杜衡被他一句話,說得垂頭喪氣:“方才那些什麽壽宴,還是手下吏胥跟我埋怨的,天可憐見,我是真閑。”
江逾明也幫不了他:“且等等吧,若是真有不妥,只怕會有異端出來。”
“……也只能如此了。”
兩人朝宮道外走,全然沒看到後頭兩個直直看着他們的人。
陳子酬扶着陳鵬從宣政殿出來,遙遙看到那兩個人影,陳鵬問:“那人可是修遠侯嫡子?”
陳子酬跟着看過去:“是江逾明和徽州的杜衡。”
“杜家在徽州也是大家了。”陳鵬走下漢白石階,“江逾明便是先前林家中意的女婿?”
陳子酬微微揚眉:“應該是吧。”
“江逾明的女人,如今落到了你懷裏,這事辦得不錯。”陳鵬笑起來,面上都是褶皺,他眉心有一顆黑色大痣,整個人看着其貌不揚,“不管那事是怎麽鬧出來的,但既然鬧了,林家那女兒你也收了,也是時候該議親了。”
陳子酬無所謂道:“孩兒明日就去下聘。”
“叫上媒婆,到底是大世家,還是莊重點好。”陳鵬囑咐道。
陳子酬一口答應。
最後陳鵬又說:“把你小娘也叫去,整日在家裏好吃好喝地供着,也該動動了。”
陳子酬立馬笑了:“行。”
傍晚,江逾明坐上回府的馬車。
長箋坐在一旁低聲彙報:“昨日去淮安伯府鬧事的兩人,就是焦氏在破廟裏遇到的,焦氏把他們撺掇走後,自己也離開了,但大抵是因為不小心在廟裏露了富,走時,破廟裏好幾個流浪漢跟了出來,把她身上的錢全搶了,還把她一只腳給打瘸了。”
“昨日那兩人從府裏離開後,去了哪?”
長箋一臉為難:“……這個小人沒查到。”
“再去查。”江逾明說完這句,見長箋一個勁兒地偷看他的手,于是,江逾明動了動袖子,“看什麽?”
“沒有。”長箋立馬扭頭。
雖然世子的袖子蓋住了,但他敢确定,世子的手腕上,有個牙印!
其實不只一個,江逾明今日起來換衣裳時,看到肩上還有一個,都是昨晚姜辭咬的。
這日夜,江逾明坐在床角看書,姜辭很久沒看到他看書了,一時覺得新鮮,沐浴後,走過來坐在他身側,問他在看什麽。
江逾明向她展示書名:“最近搜羅到的游記。

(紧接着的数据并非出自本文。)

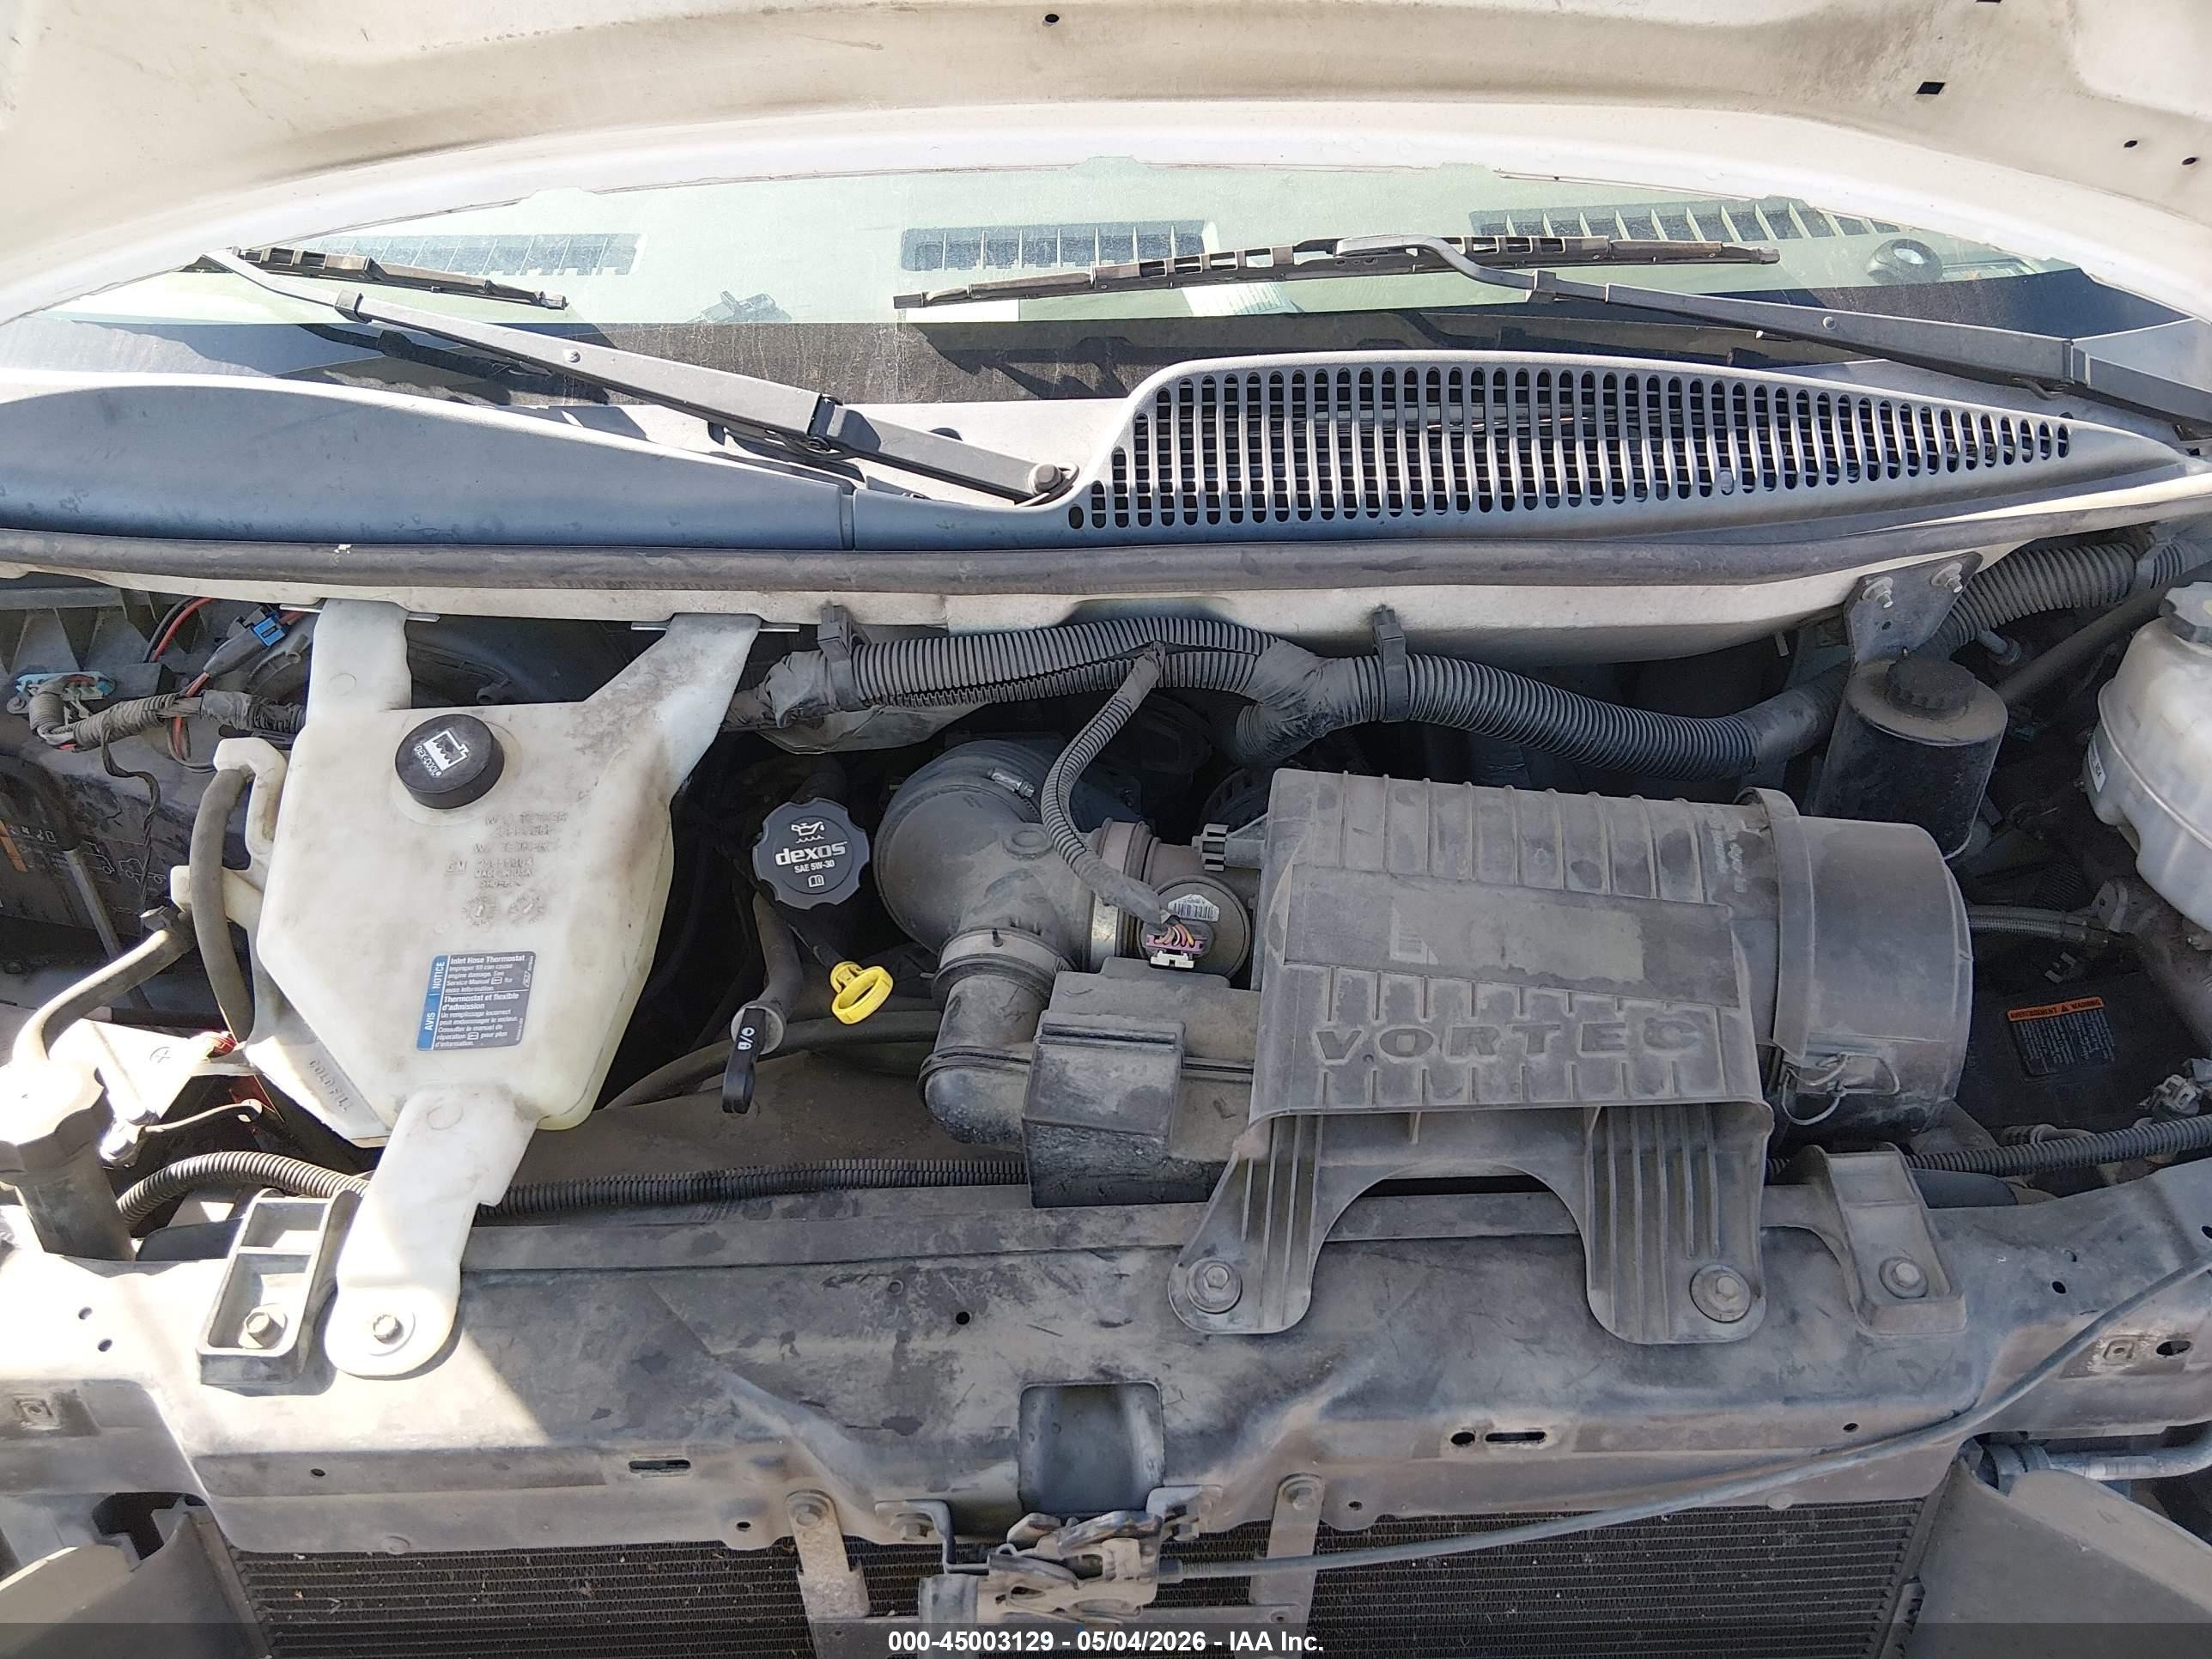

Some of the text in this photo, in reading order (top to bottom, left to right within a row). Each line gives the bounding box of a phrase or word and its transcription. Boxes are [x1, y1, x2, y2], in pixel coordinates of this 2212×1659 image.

[794, 859, 836, 874] SAE 5W-30
[486, 954, 526, 963] Thermostat
[433, 961, 445, 989] NOTICE
[444, 994, 483, 1003] Thermostat
[424, 1012, 436, 1031] AVIS
[1314, 1018, 1698, 1060] VORTEC

”
姜辭對傳奇小說感興趣,聞言,擠到他身側坐下。
兩人挨得極近,低頭看書時,姜辭的頭發會不時掃過江逾明的下巴,惹得他總垂頭看她,看得多了,索性就把人抱進懷裏。
姜辭把書舉起來,兩人襯着昏黃的油燈一起看。
冬日天冷,坐在一塊兒倒是暖了不少,看到有意思的地方,姜辭便靠在他懷裏笑,或是念出來給他聽。
時間無聲無息地過得很快。
江逾明低頭看書,沒看一會兒,思緒就飄了,剛剛沐浴完,姜辭身上很香,今日應該還用了牛奶,整個人身上都是奶味,他不用低頭,就能聞到她身上的味道,看到她的曲線,以及脖頸處的一片嫩白。
他問:“今日出門了嗎?”
姜辭仰頭看她,眼底裏有點點的燈火:“沒有,怎麽了?”
“不是說想去茶樓嗎?”
“啊……”姜辭拖了個長音,仰頭指了指自己的脖子給他看,“遮不住。”
江逾明看了過去,只見她手指指着的地方,上頭有兩個紅痕,它們疊在一起,像個心一樣。
他想到自己手上同樣遮不住的咬痕,又問她:“明日要出門嗎?”
姜辭捧着書說:“還不知道……怎麽了嘛?”
江逾明按了按她脖子上的吻痕:“別出了。”
“為何?”
江逾明沒說,低頭在她側頸上又吮出一個新的,顏色比昨日的還紅,他一臉正經道:“顏色淡了,補一下色。”
姜辭哪能被欺負,撲上去,咬了回來。
游記被棄在了地上,兩人相擁着,接了個纏綿悱恻的吻。
這日,兩人睡得都早,夜色悄悄靜了。
入冬後的黑夜,比水還靜,今日無風,連樹梢輕晃的聲響都無,小池泛不起漣漪,裏頭倒映出的影子,乖乖不說話。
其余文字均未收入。